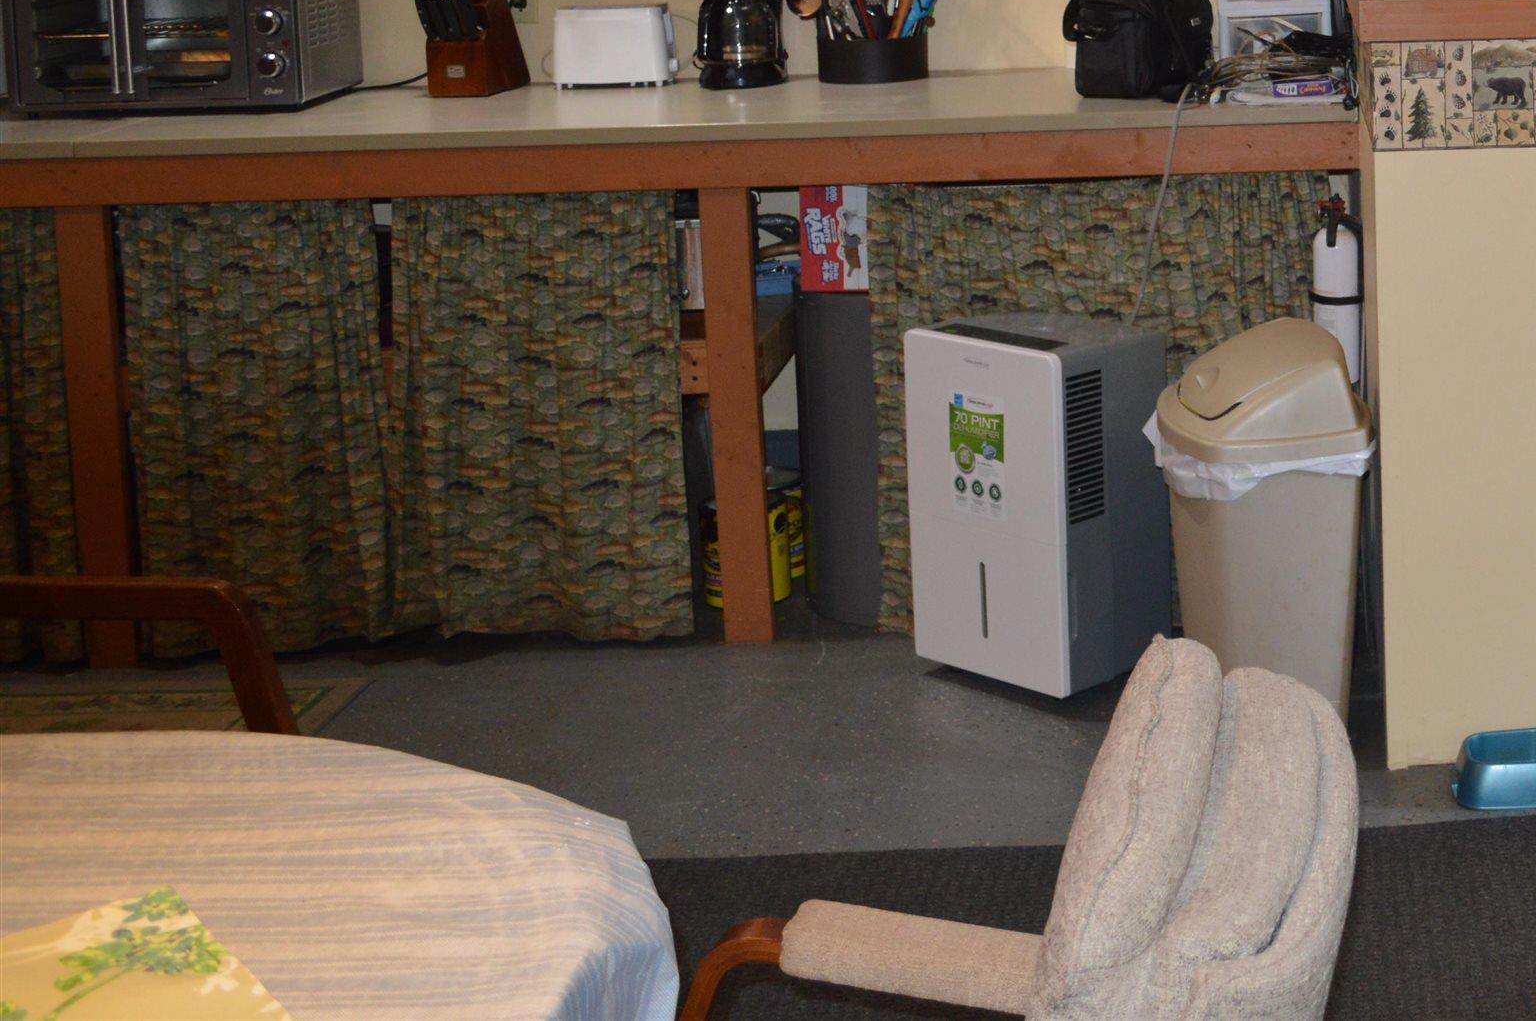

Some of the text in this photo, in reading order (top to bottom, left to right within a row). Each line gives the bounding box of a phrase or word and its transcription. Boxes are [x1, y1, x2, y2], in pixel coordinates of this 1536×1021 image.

[804, 208, 827, 255] RAGS
[953, 411, 1001, 431] 70 PINT
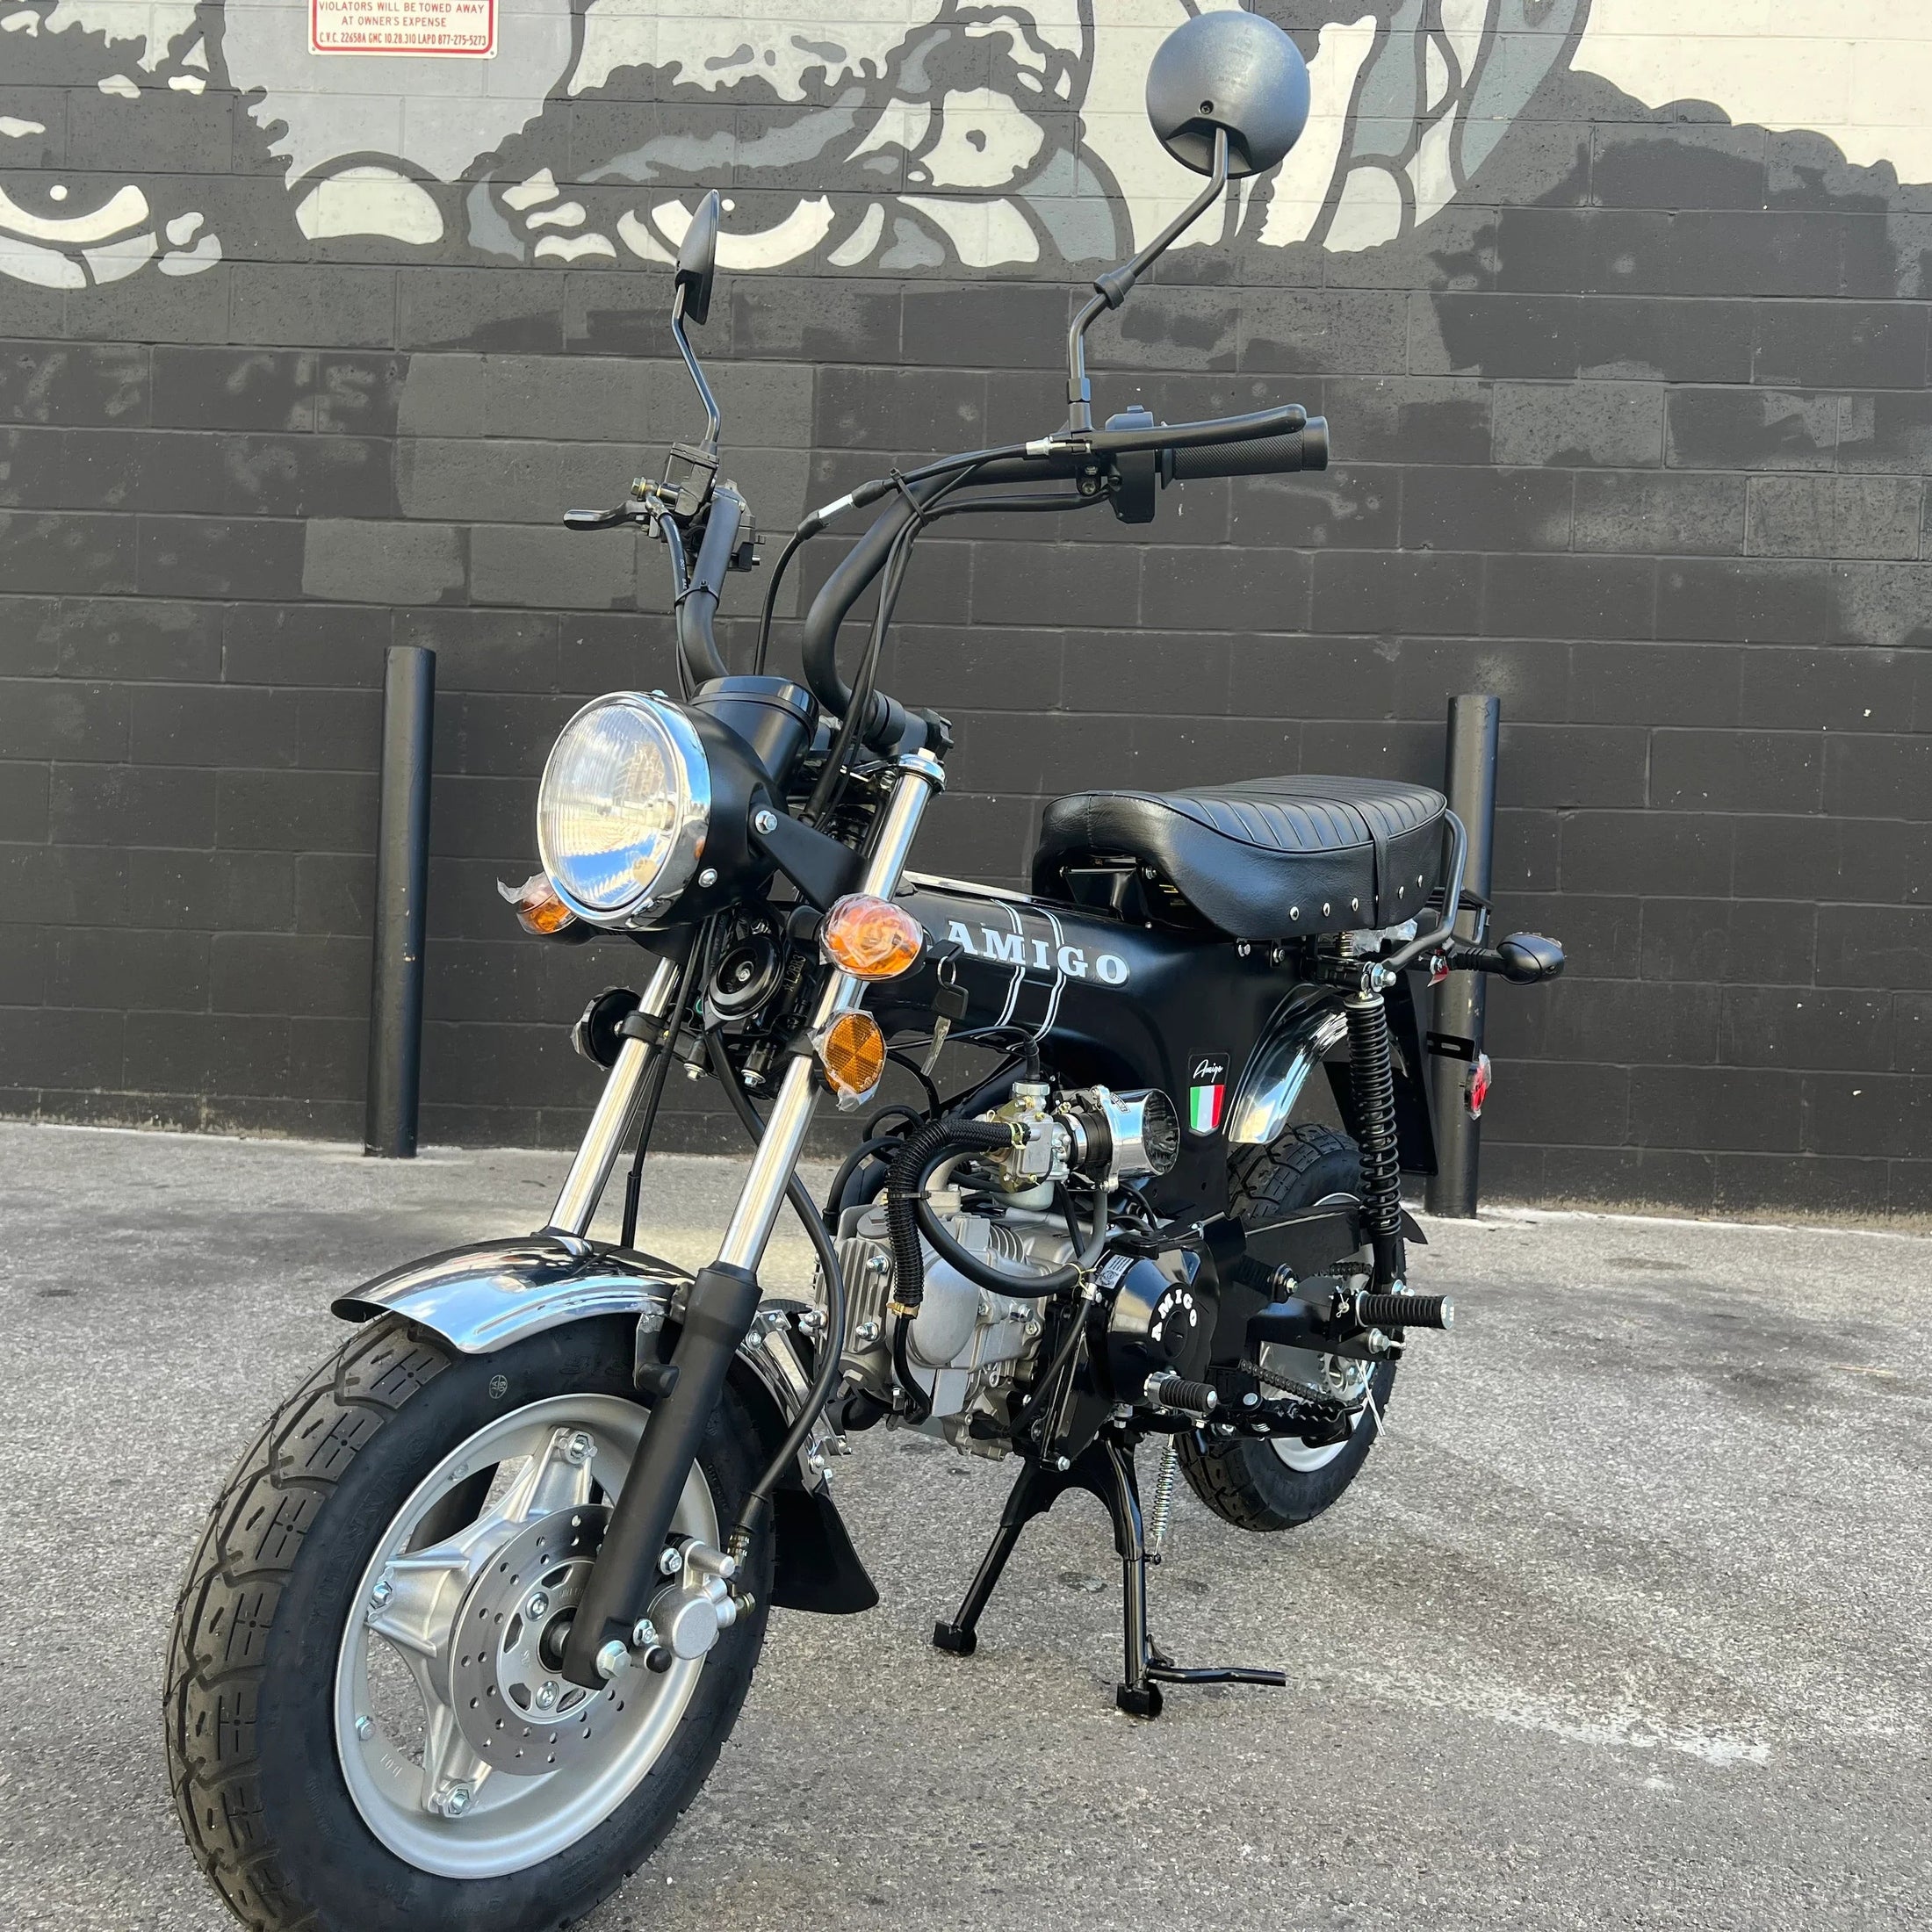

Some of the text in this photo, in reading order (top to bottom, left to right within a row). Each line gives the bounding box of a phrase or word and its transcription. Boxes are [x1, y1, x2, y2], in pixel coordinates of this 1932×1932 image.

[319, 2, 484, 14] VIOLATORS WILL BE TOWED AWAY
[342, 16, 447, 27] AT OWNER'S EXPENSE
[341, 32, 366, 43] 22658A
[385, 33, 416, 44] 10.28.310
[418, 34, 436, 45] LAPD
[438, 34, 487, 46] 877-275-5273
[948, 920, 1128, 984] AMIGO
[1193, 1059, 1224, 1084] Amigo
[1151, 1288, 1197, 1342] AMIGO
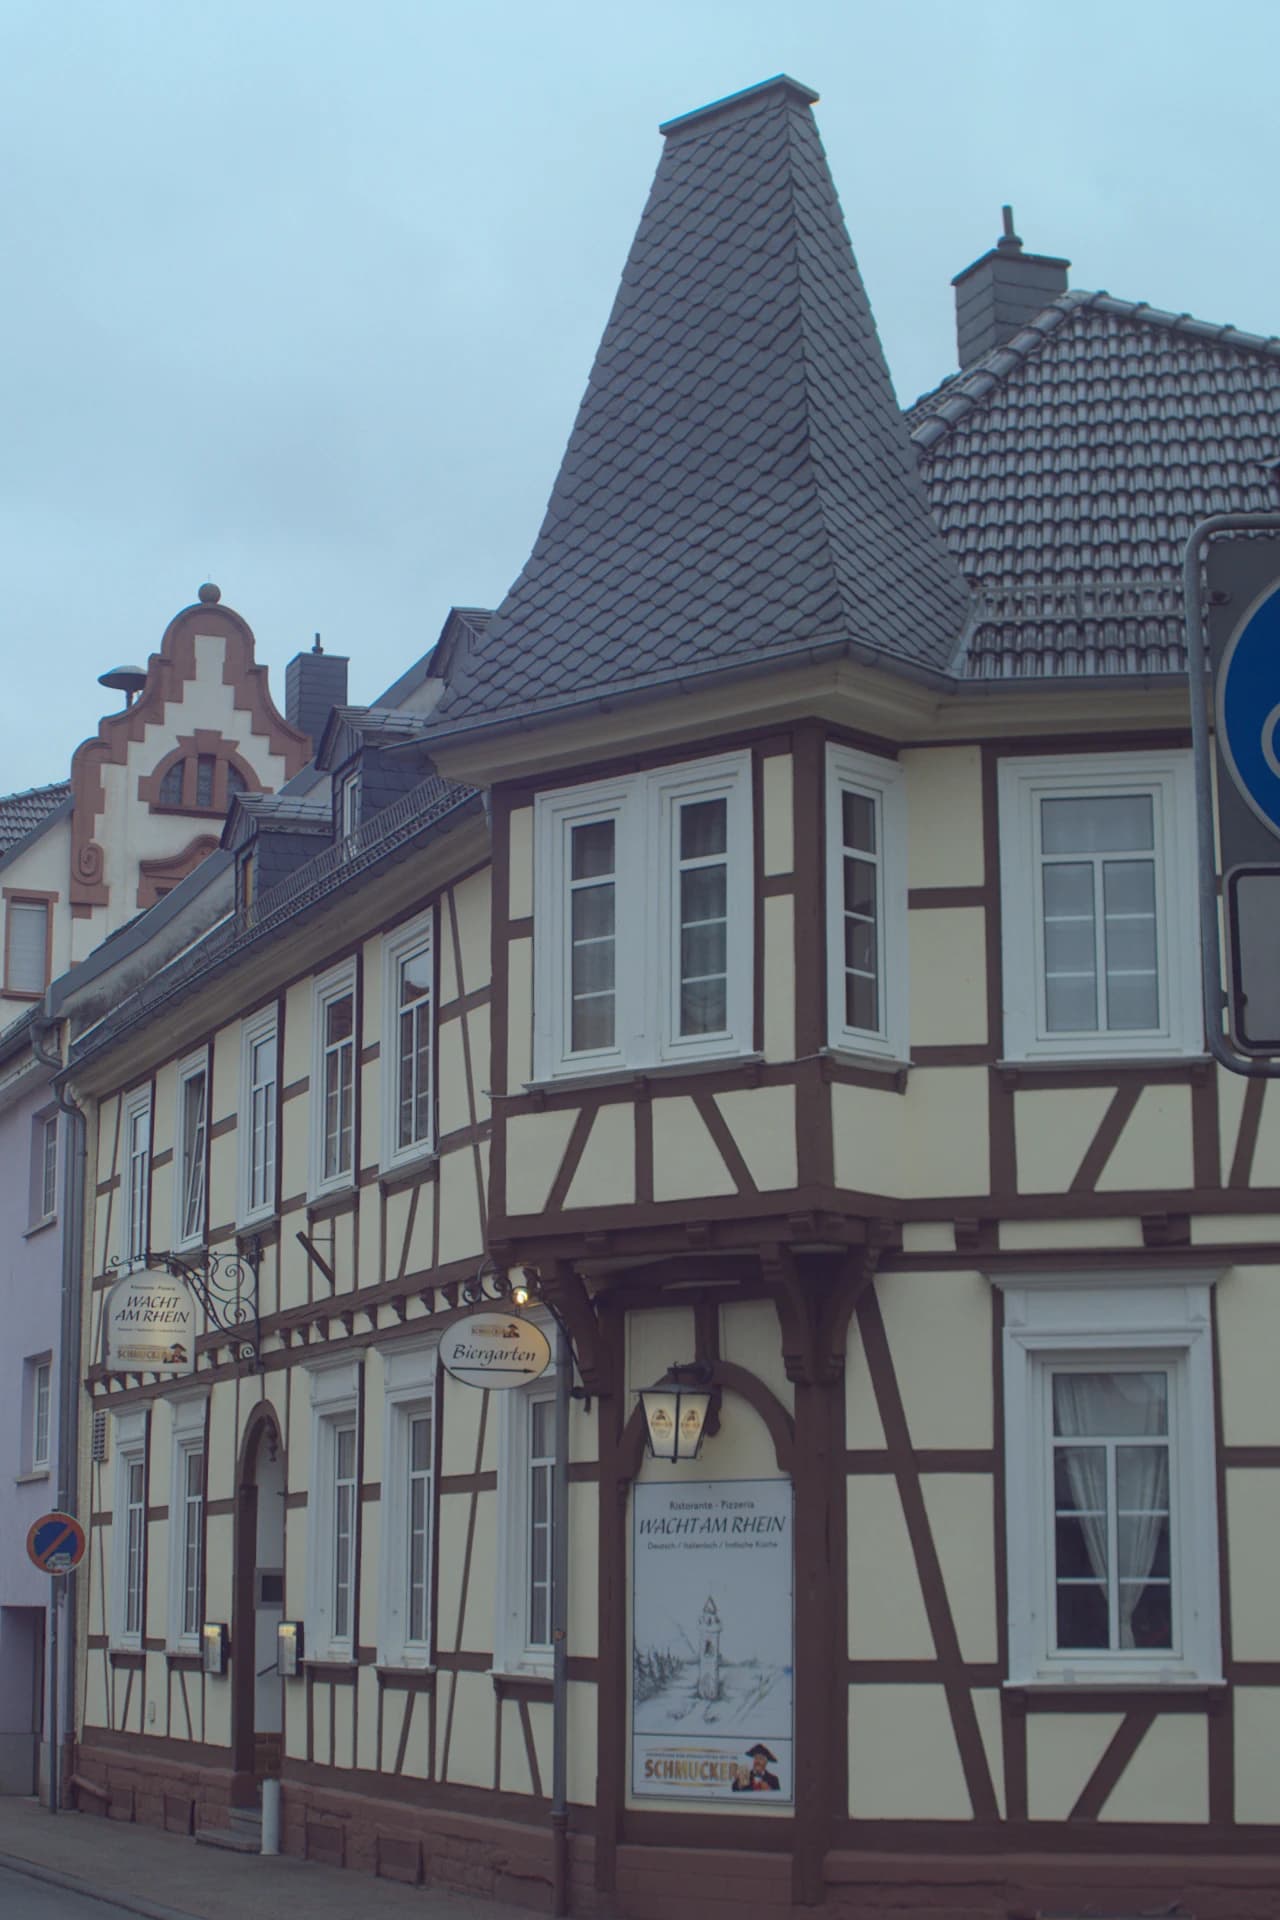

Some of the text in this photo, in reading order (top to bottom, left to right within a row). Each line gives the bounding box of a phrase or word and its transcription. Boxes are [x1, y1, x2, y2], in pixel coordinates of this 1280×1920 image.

[127, 1296, 181, 1309] WACHT
[115, 1309, 190, 1323] AM RHEIN
[453, 1344, 536, 1366] Biergarten
[669, 1501, 713, 1511] Ristorante
[720, 1500, 755, 1510] Pizzeria
[639, 1516, 786, 1534] WACHT AM RHEIN
[644, 1759, 738, 1781] SCHMUCKER

_ _ _ _ _ _ _

:: WHAT YOU SHOULD DO ::
Every line from the one that contains "this 1932×1932 image." through the end of the records above is to be reproduced exactly; no picture goes in the copy.

:: ANSWER BELOW ::
Some of the text in this photo, in reading order (top to bottom, left to right within a row). Each line gives the bounding box of a phrase or word and its transcription. Boxes are [x1, y1, x2, y2], in pixel coordinates of this 1932×1932 image.

[319, 2, 484, 14] VIOLATORS WILL BE TOWED AWAY
[342, 16, 447, 27] AT OWNER'S EXPENSE
[341, 32, 366, 43] 22658A
[385, 33, 416, 44] 10.28.310
[418, 34, 436, 45] LAPD
[438, 34, 487, 46] 877-275-5273
[948, 920, 1128, 984] AMIGO
[1193, 1059, 1224, 1084] Amigo
[1151, 1288, 1197, 1342] AMIGO

Some of the text in this photo, in reading order (top to bottom, left to right within a row). Each line gives the bounding box of a phrase or word and its transcription. Boxes are [x1, y1, x2, y2], in pixel coordinates of this 1280×1920 image.

[127, 1296, 181, 1309] WACHT
[115, 1309, 190, 1323] AM RHEIN
[453, 1344, 536, 1366] Biergarten
[669, 1501, 713, 1511] Ristorante
[720, 1500, 755, 1510] Pizzeria
[639, 1516, 786, 1534] WACHT AM RHEIN
[644, 1759, 738, 1781] SCHMUCKER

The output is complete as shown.